-- Aim of the task --
Copy, with no pictures, the line that contains "this 1600×1200 image." and each line after it down to the end of the entries below, exactly.

-- Data for review --
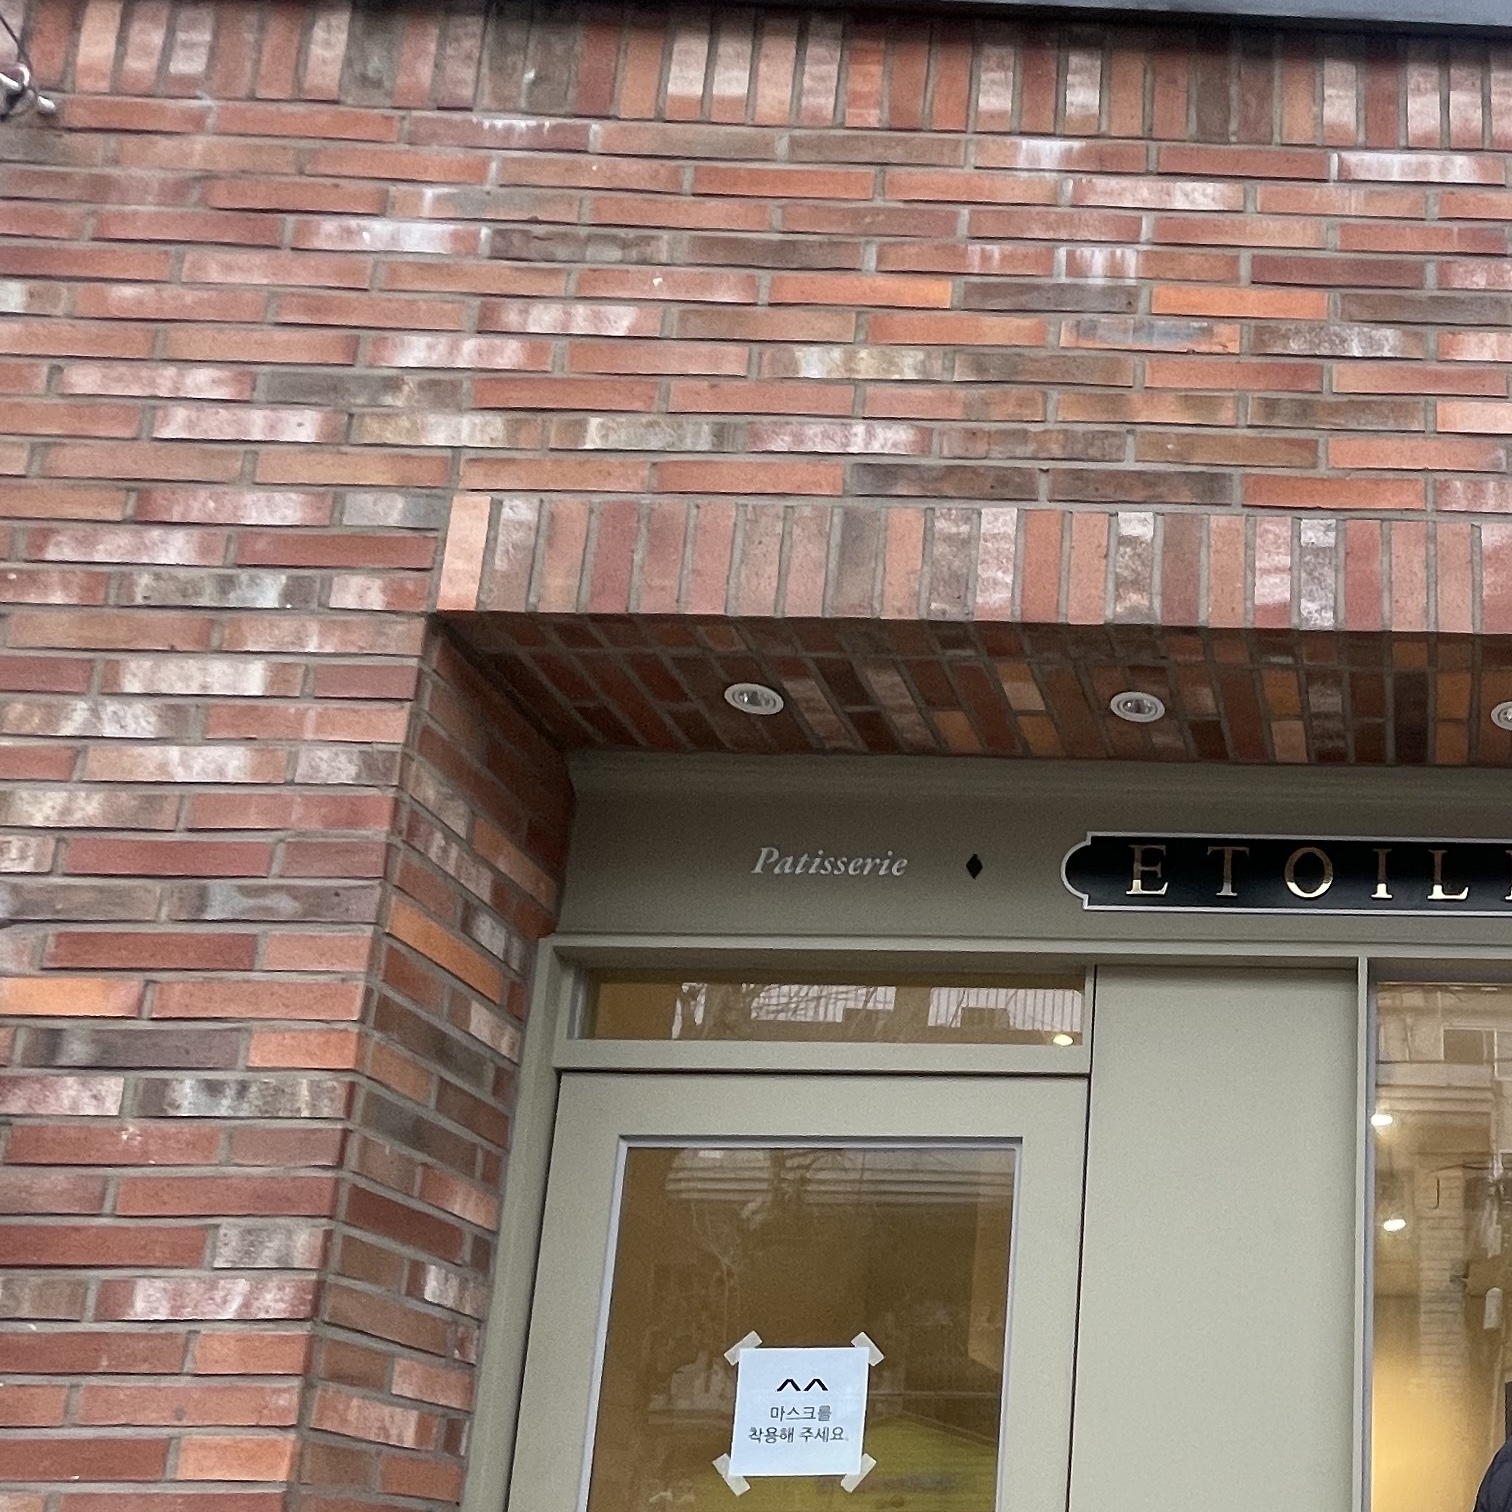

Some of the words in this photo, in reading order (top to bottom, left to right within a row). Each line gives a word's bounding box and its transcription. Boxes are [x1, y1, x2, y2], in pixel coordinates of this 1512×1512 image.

[752, 846, 909, 877] Patisserie
[770, 1405, 832, 1423] 마스크를
[749, 1426, 795, 1444] 착용해
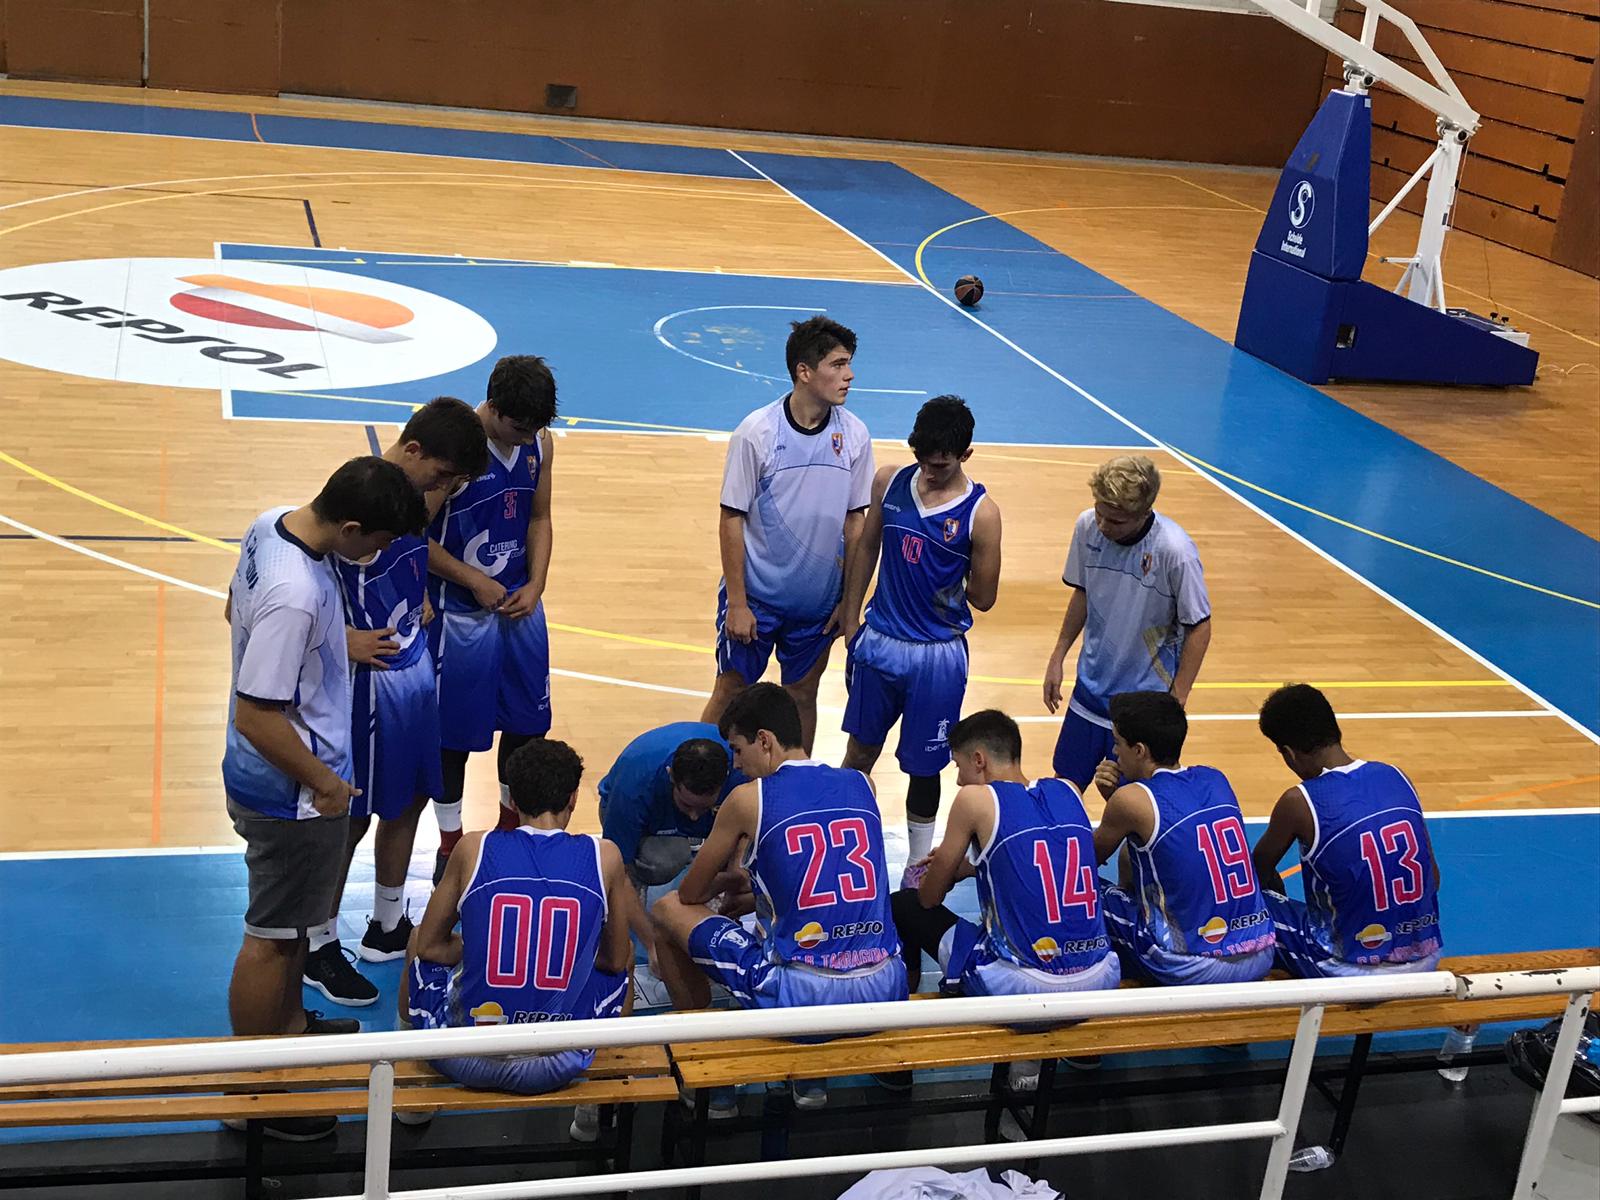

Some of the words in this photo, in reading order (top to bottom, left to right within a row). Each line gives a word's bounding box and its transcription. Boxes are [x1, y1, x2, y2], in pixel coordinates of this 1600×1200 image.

[1, 291, 325, 379] REPSOL
[902, 534, 924, 564] 10
[785, 818, 877, 910] 23
[1034, 837, 1097, 924] 14
[1196, 816, 1256, 904] 19
[1360, 820, 1424, 911] 13
[486, 893, 581, 991] 00
[832, 921, 884, 939] REPSO
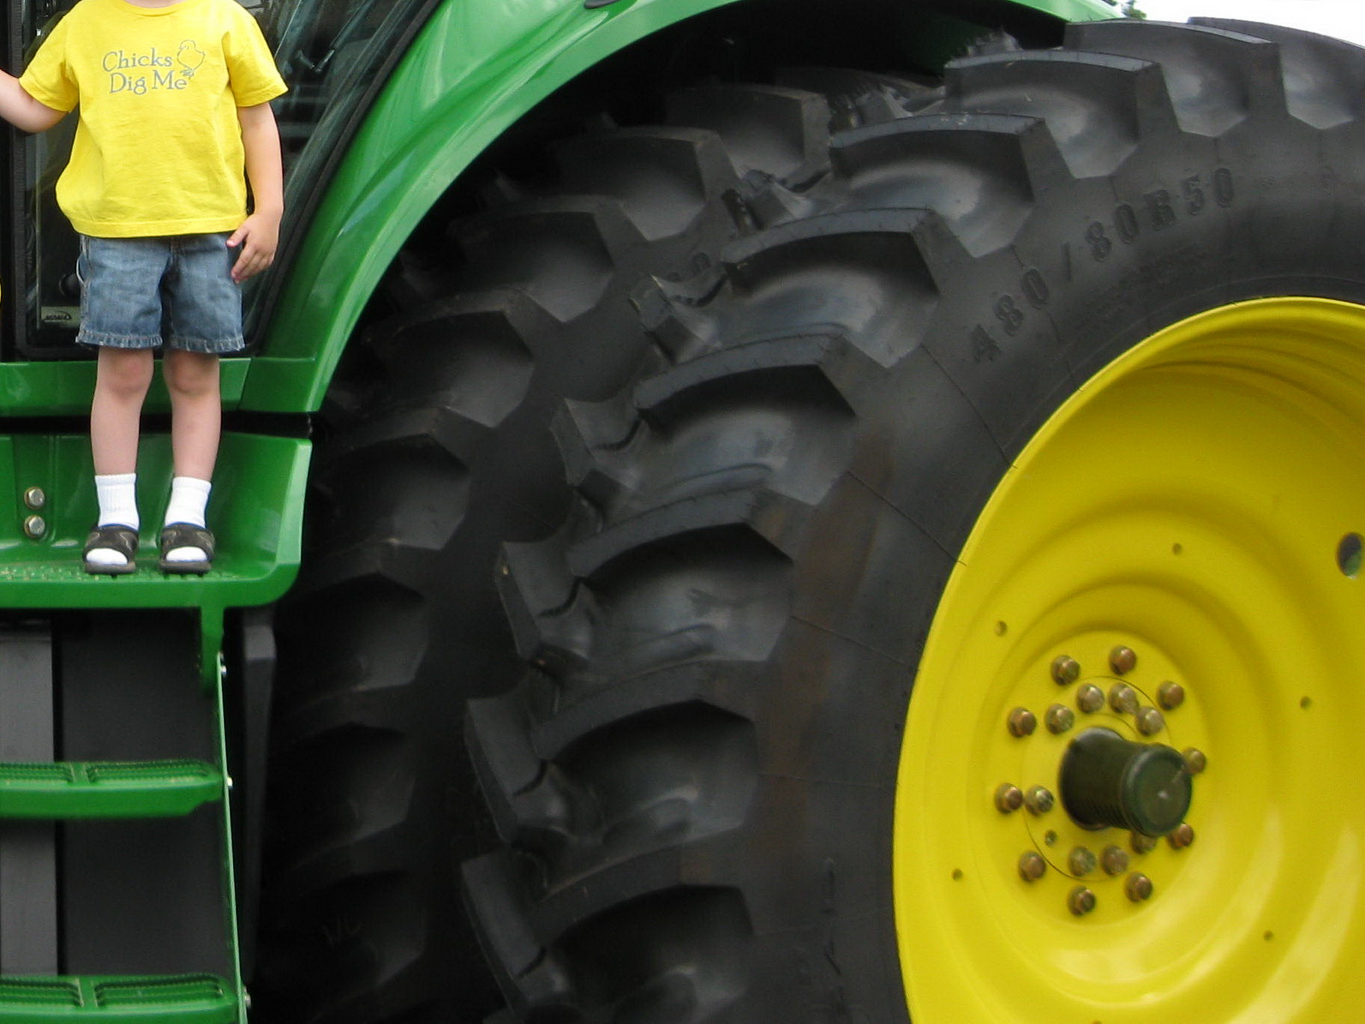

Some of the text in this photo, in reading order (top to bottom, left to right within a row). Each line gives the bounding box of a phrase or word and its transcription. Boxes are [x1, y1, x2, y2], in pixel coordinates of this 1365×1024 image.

-- Result of this task --
Some of the words in this photo, in reading order (top to bottom, left to right within a row). Each line gives a word's bounding box and its transcription. Boxes are [x1, y1, x2, y2], in pixel coordinates of this 1600×1200 image.

[1, 291, 325, 379] REPSOL
[902, 534, 924, 564] 10
[785, 818, 877, 910] 23
[1034, 837, 1097, 924] 14
[1196, 816, 1256, 904] 19
[1360, 820, 1424, 911] 13
[486, 893, 581, 991] 00
[832, 921, 884, 939] REPSO

Some of the text in this photo, in reading order (top to bottom, left to right within a row). Each line gives the bounding box of a phrase or word and its transcription. Boxes are [x1, y1, x2, y2], in pixel coordinates of this 1365×1024 image.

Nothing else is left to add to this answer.